## [Goal of the exercise]
Each record that follows goes into your reply unchanged; the pictures do not.

(Data shown begins)

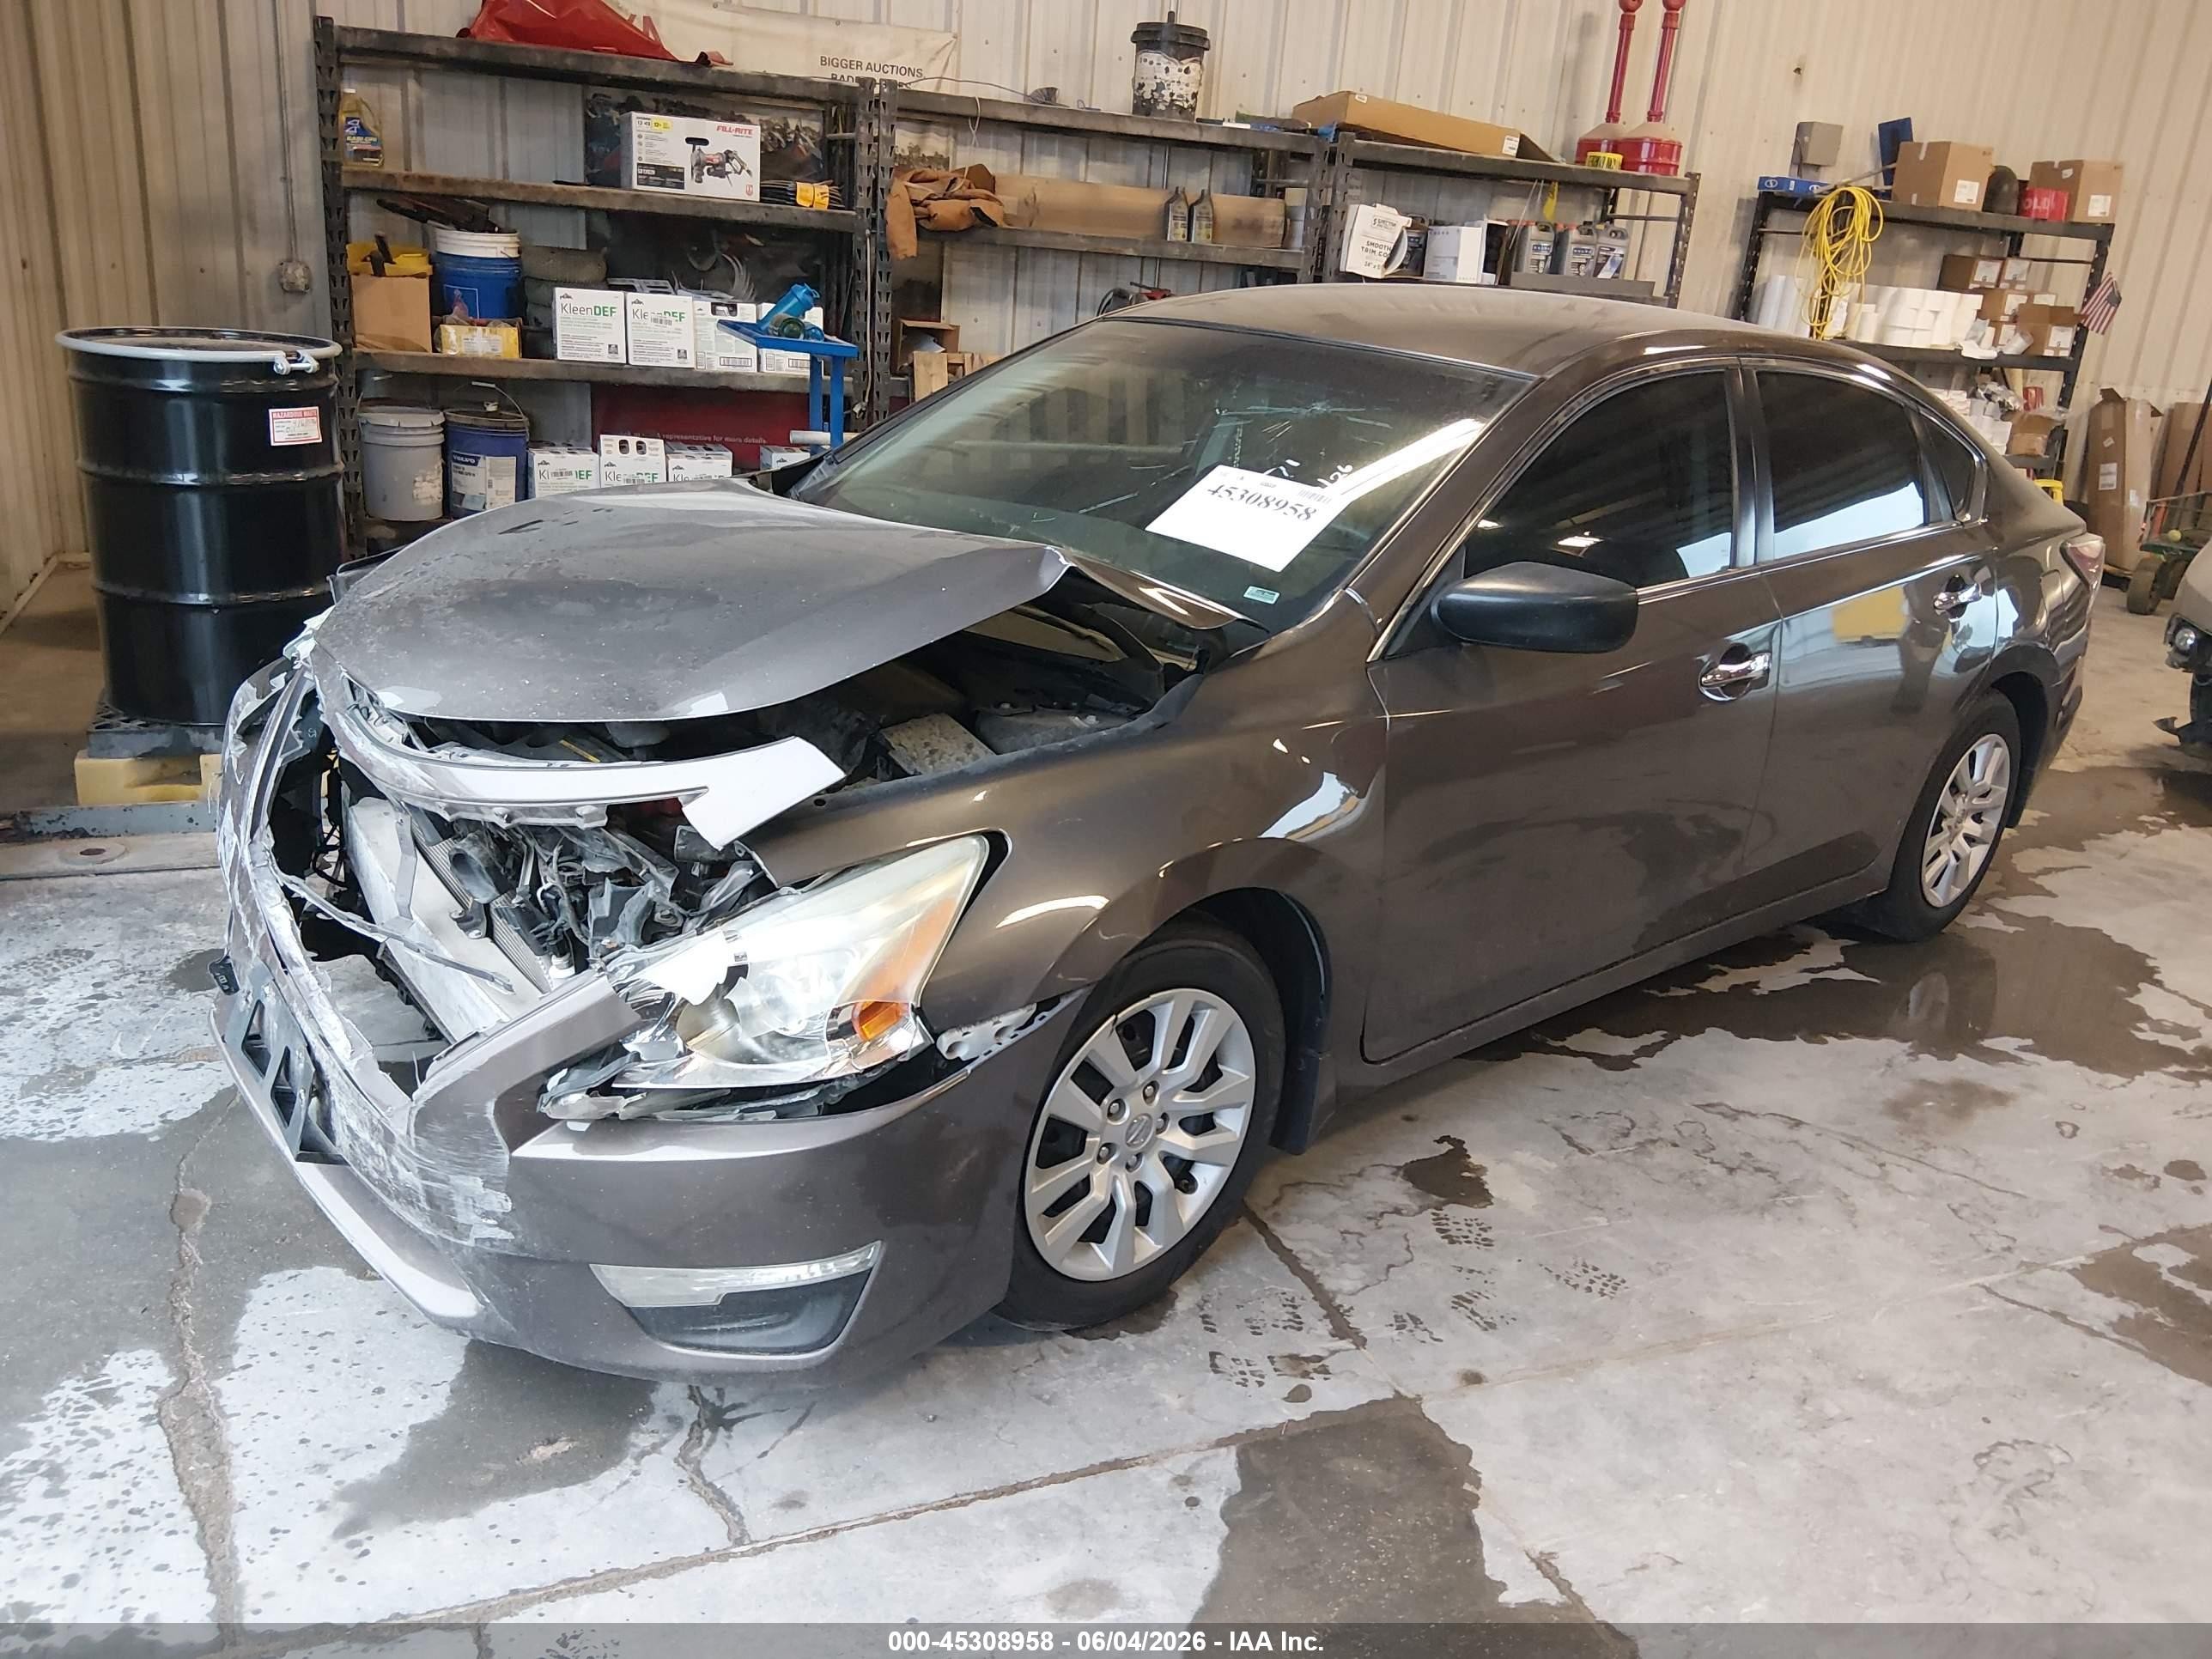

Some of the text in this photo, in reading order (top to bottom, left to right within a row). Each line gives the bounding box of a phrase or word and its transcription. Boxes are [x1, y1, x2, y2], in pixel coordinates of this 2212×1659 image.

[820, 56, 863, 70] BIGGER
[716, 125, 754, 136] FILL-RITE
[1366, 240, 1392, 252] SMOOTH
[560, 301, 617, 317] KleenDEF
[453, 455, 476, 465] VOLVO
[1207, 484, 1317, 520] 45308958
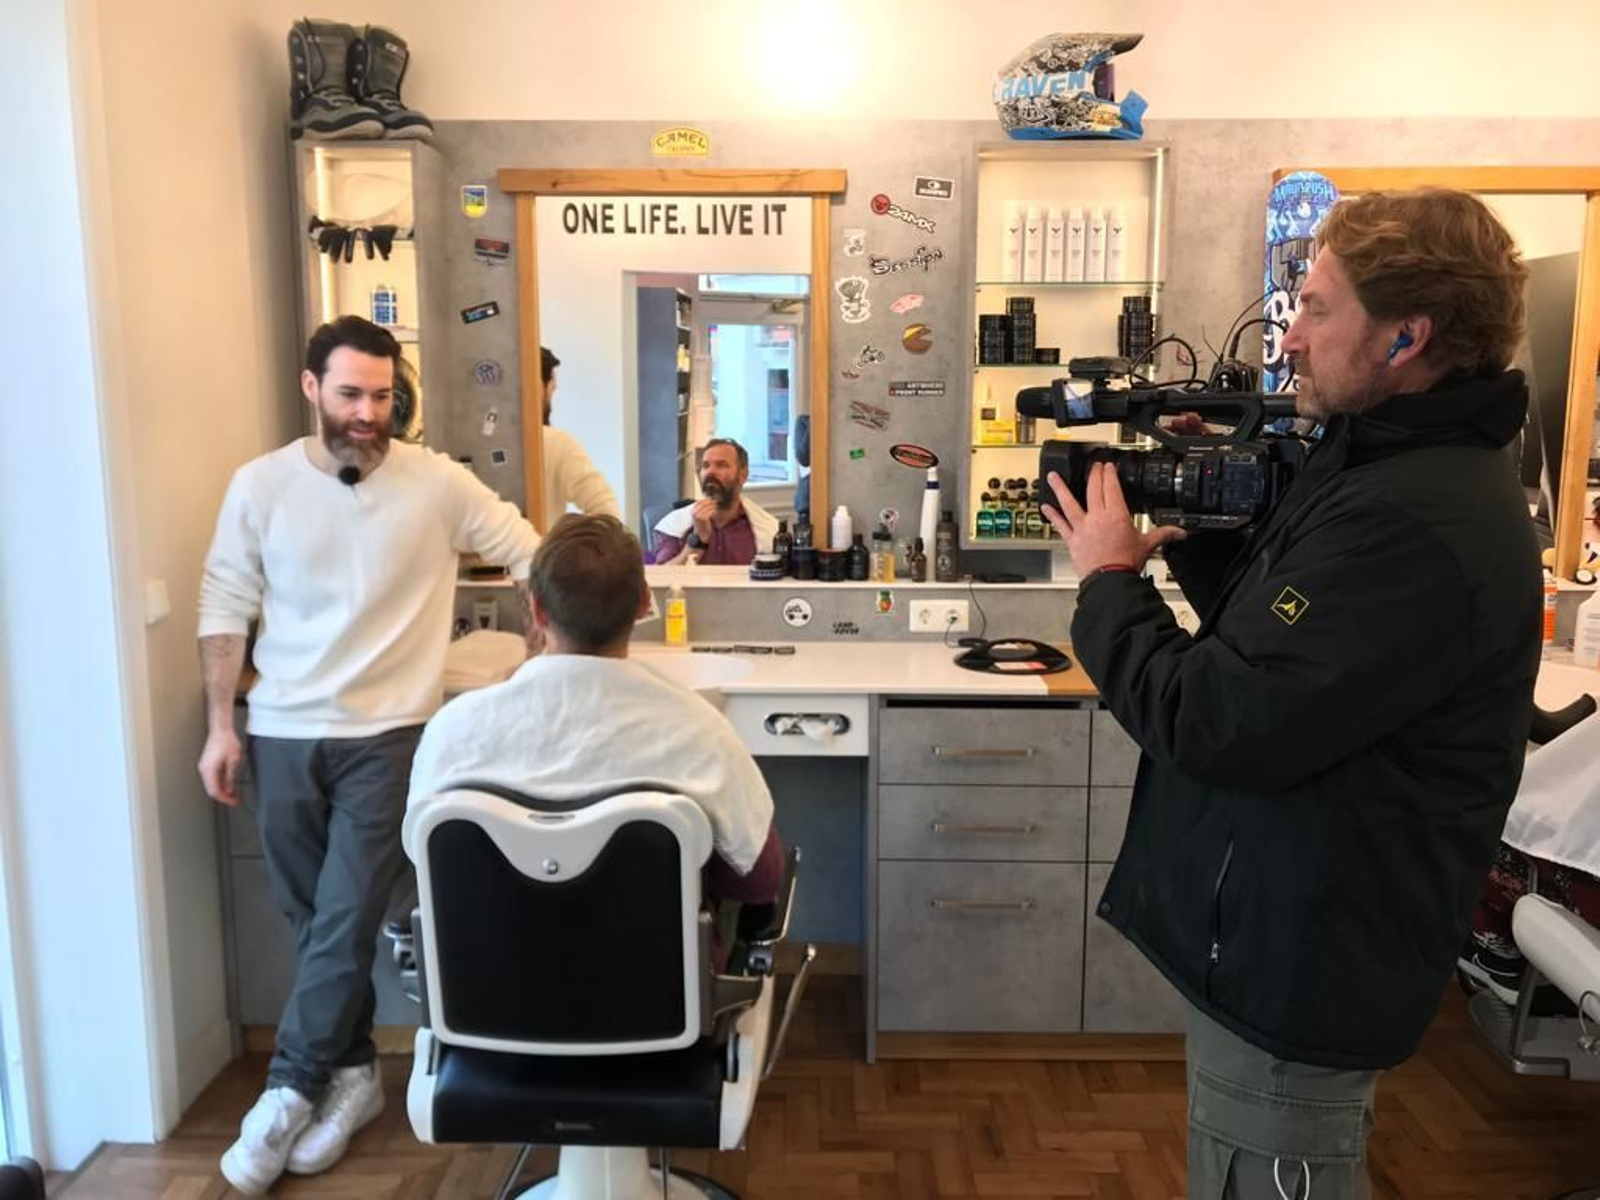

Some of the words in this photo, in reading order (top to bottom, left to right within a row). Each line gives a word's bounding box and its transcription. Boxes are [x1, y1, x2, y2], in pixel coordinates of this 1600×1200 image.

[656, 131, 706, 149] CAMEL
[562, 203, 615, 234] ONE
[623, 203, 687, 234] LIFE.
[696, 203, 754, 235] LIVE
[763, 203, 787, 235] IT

(Data shown ends)

## [Exercise result]
Some of the text in this photo, in reading order (top to bottom, left to right within a row). Each line gives the bounding box of a phrase or word and its transcription. Boxes are [x1, y1, x2, y2], in pixel coordinates of this 2212×1659 image.

[820, 56, 863, 70] BIGGER
[716, 125, 754, 136] FILL-RITE
[1366, 240, 1392, 252] SMOOTH
[560, 301, 617, 317] KleenDEF
[453, 455, 476, 465] VOLVO
[1207, 484, 1317, 520] 45308958

Some of the words in this photo, in reading order (top to bottom, left to right within a row). Each line gives a word's bounding box and its transcription. Boxes are [x1, y1, x2, y2], in pixel coordinates of this 1600×1200 image.

[656, 131, 706, 149] CAMEL
[562, 203, 615, 234] ONE
[623, 203, 687, 234] LIFE.
[696, 203, 754, 235] LIVE
[763, 203, 787, 235] IT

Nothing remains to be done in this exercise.